Your assignment
Without including any picture, write out the entries exactly as they stand.

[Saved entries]
■ ■ ■ ■

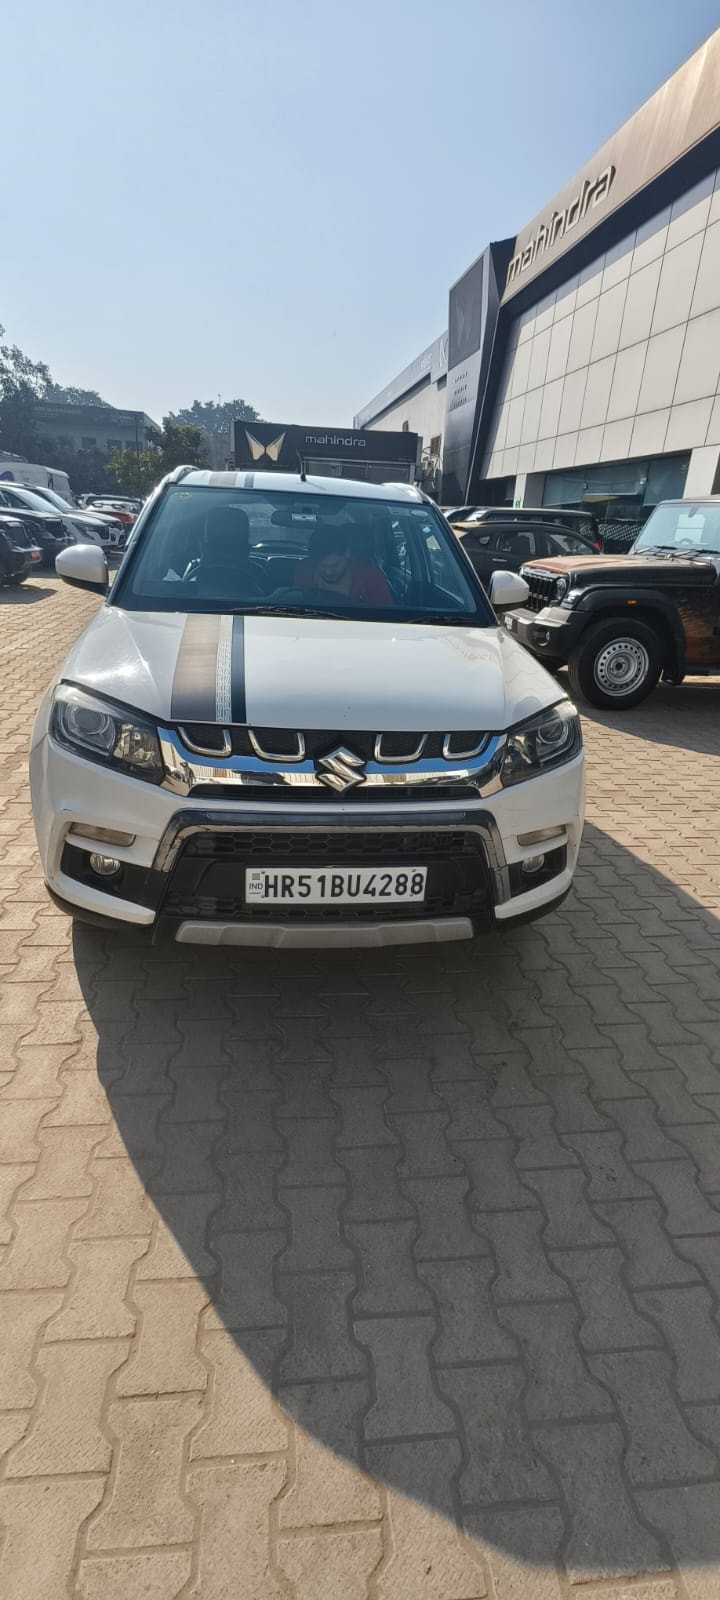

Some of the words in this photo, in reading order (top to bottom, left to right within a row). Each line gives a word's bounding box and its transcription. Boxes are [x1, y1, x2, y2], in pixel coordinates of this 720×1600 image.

[508, 165, 614, 281] mahindra
[305, 434, 366, 447] mahindra
[248, 882, 263, 890] IND
[264, 873, 424, 898] HR51BU4288
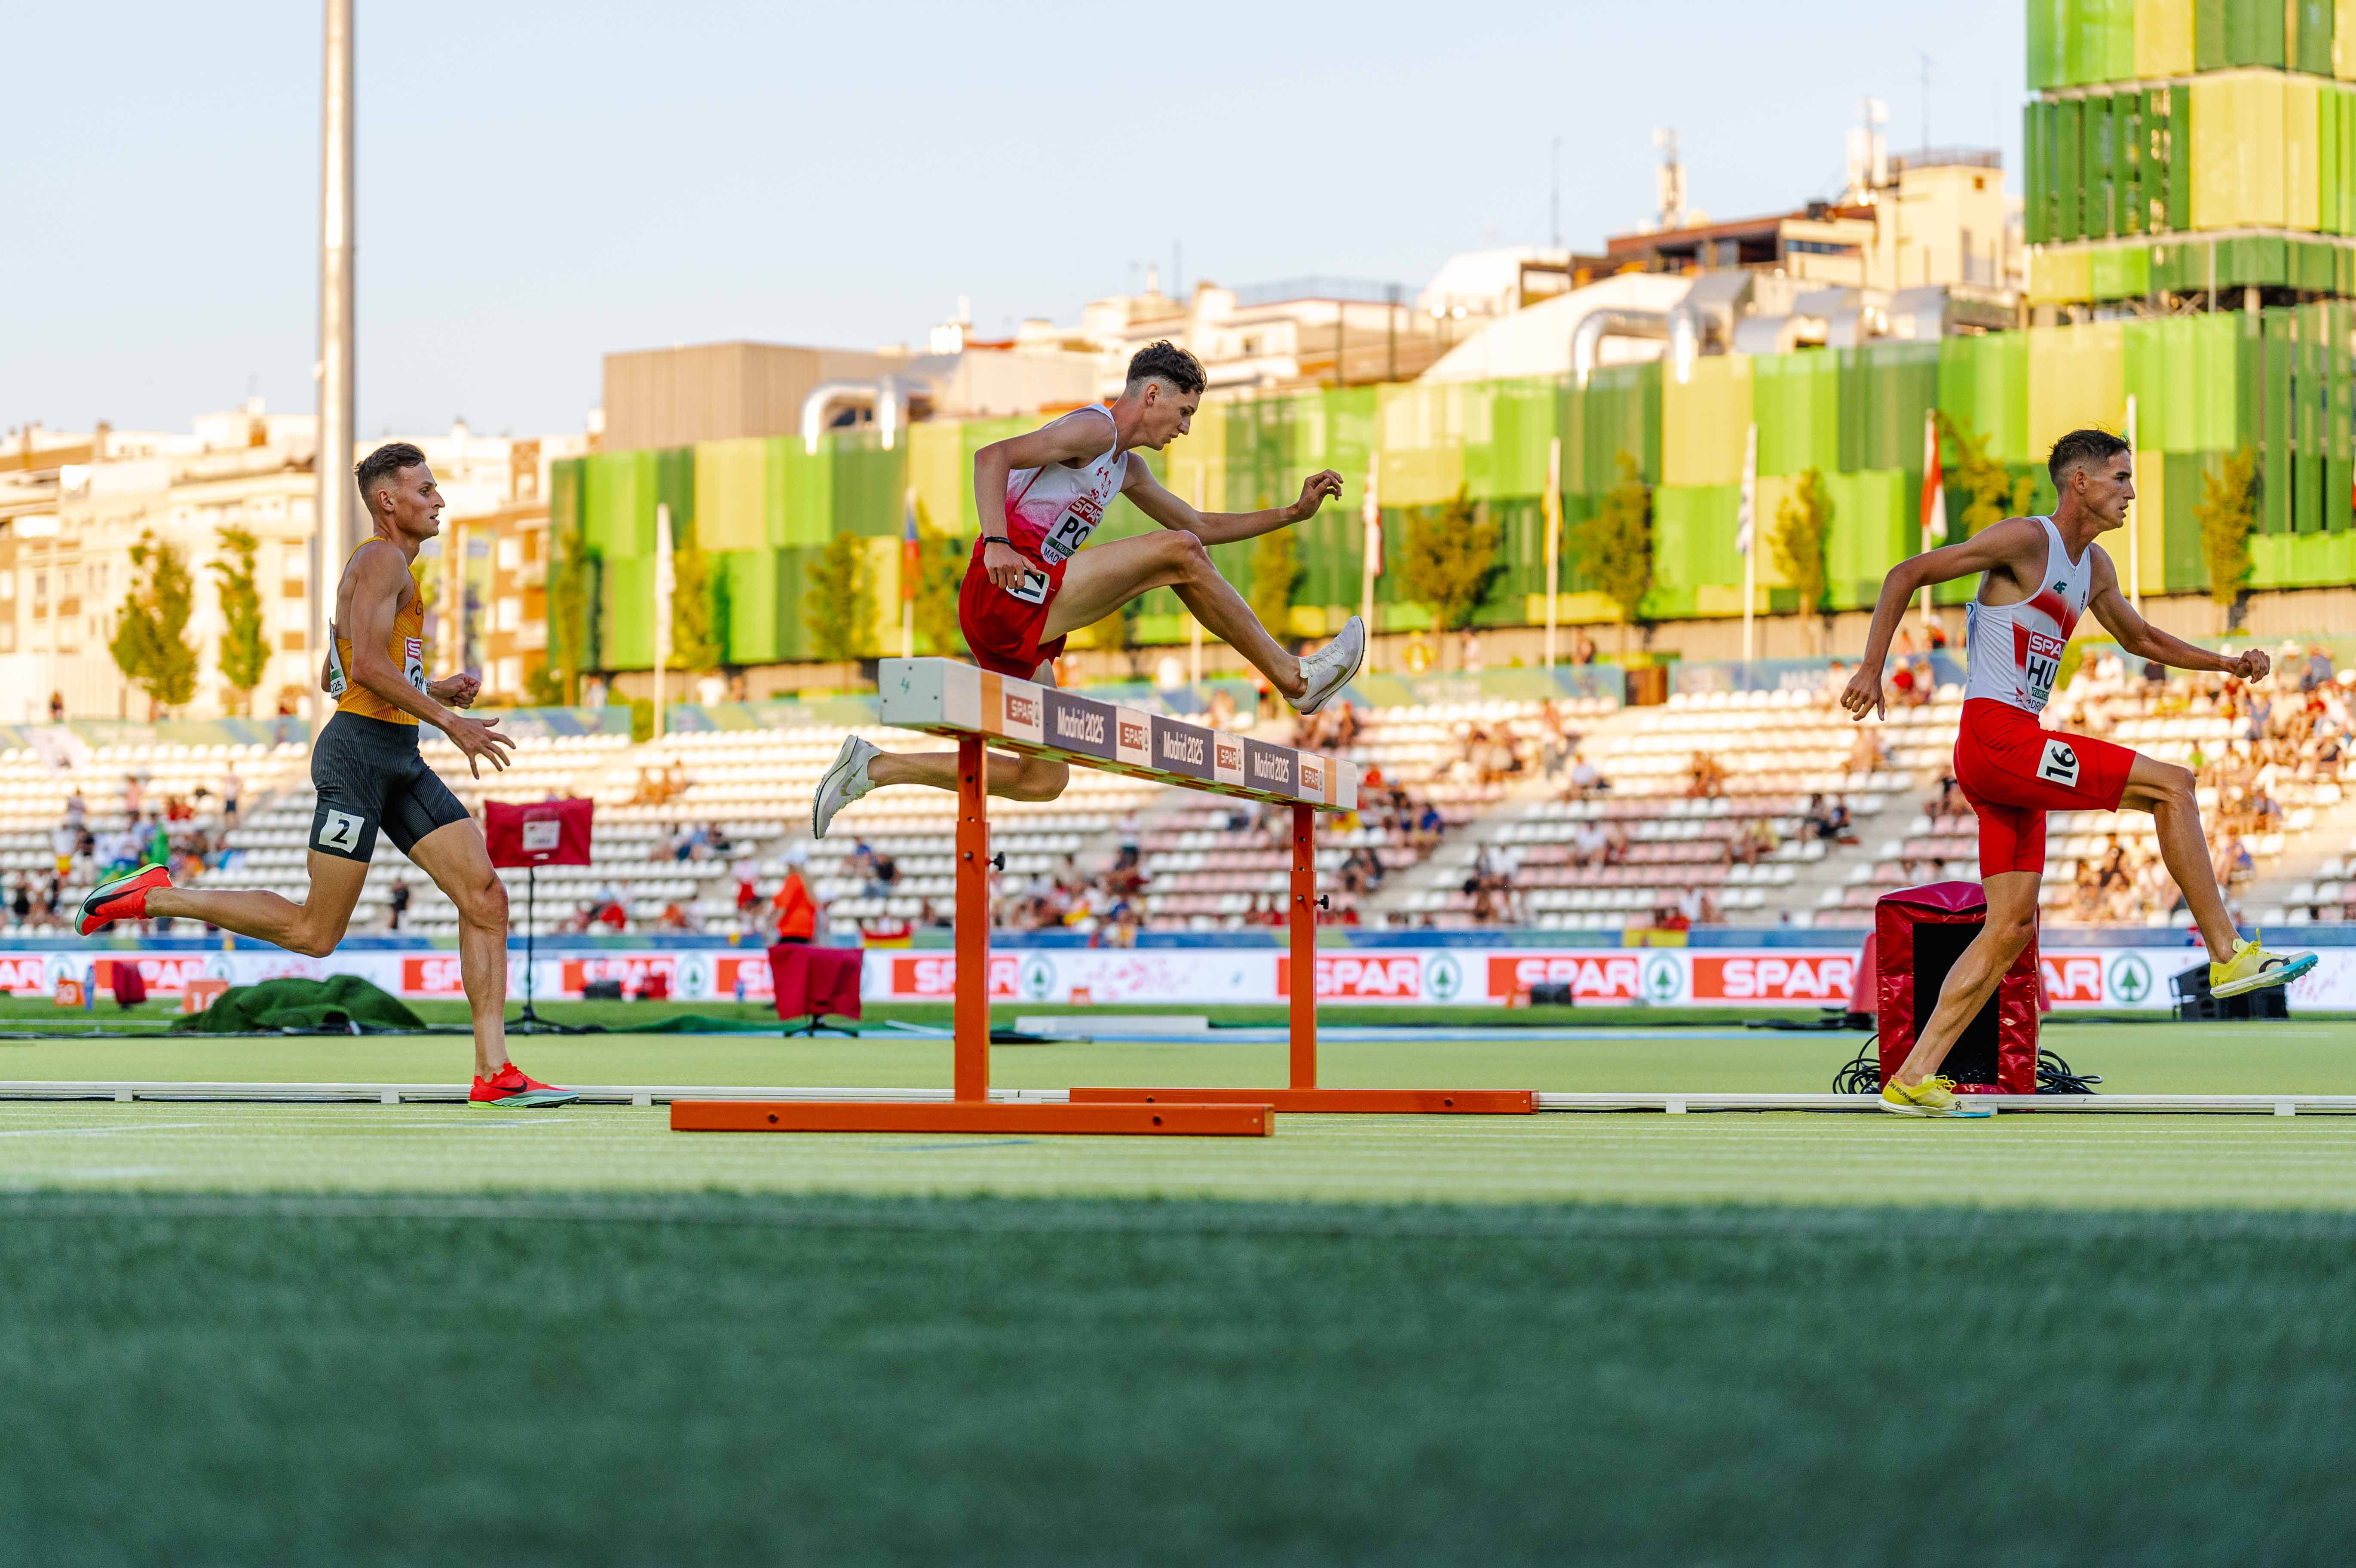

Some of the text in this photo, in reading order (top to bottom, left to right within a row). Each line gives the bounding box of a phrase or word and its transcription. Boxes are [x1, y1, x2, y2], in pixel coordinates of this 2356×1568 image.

[1071, 499, 1100, 523] SPAR
[1056, 516, 1092, 550] PO
[1013, 569, 1045, 598] 12
[2031, 635, 2064, 658] SPA
[1011, 699, 1032, 721] SPAR
[1057, 706, 1104, 744] Madrid 2025
[1124, 727, 1143, 745] SPAR
[1163, 731, 1204, 765] Madrid 2025
[1221, 749, 1237, 766] SPAR
[2046, 746, 2076, 779] 16
[1254, 751, 1290, 783] Madrid 2025
[1305, 769, 1318, 785] SPAR
[331, 819, 350, 845] 2
[0, 959, 43, 989] AR
[138, 960, 203, 989] PAR
[1515, 959, 1639, 997] SPAR
[1722, 959, 1854, 997] SPAR
[2040, 959, 2100, 999] AR
[1895, 1087, 1923, 1106] RUNNING

■ ■ ■ ■

The answer
Some of the words in this photo, in reading order (top to bottom, left to right within a row). Each line gives a word's bounding box and its transcription. Boxes are [x1, y1, x2, y2], in pixel coordinates of this 720×1600 image.

[508, 165, 614, 281] mahindra
[305, 434, 366, 447] mahindra
[248, 882, 263, 890] IND
[264, 873, 424, 898] HR51BU4288

Some of the text in this photo, in reading order (top to bottom, left to right within a row). Each line gives the bounding box of a phrase or word and its transcription. Boxes are [x1, y1, x2, y2], in pixel coordinates of this 2356×1568 image.

[1071, 499, 1100, 523] SPAR
[1056, 516, 1092, 550] PO
[1013, 569, 1045, 598] 12
[2031, 635, 2064, 658] SPA
[1011, 699, 1032, 721] SPAR
[1057, 706, 1104, 744] Madrid 2025
[1124, 727, 1143, 745] SPAR
[1163, 731, 1204, 765] Madrid 2025
[1221, 749, 1237, 766] SPAR
[2046, 746, 2076, 779] 16
[1254, 751, 1290, 783] Madrid 2025
[1305, 769, 1318, 785] SPAR
[331, 819, 350, 845] 2
[0, 959, 43, 989] AR
[138, 960, 203, 989] PAR
[1515, 959, 1639, 997] SPAR
[1722, 959, 1854, 997] SPAR
[2040, 959, 2100, 999] AR
[1895, 1087, 1923, 1106] RUNNING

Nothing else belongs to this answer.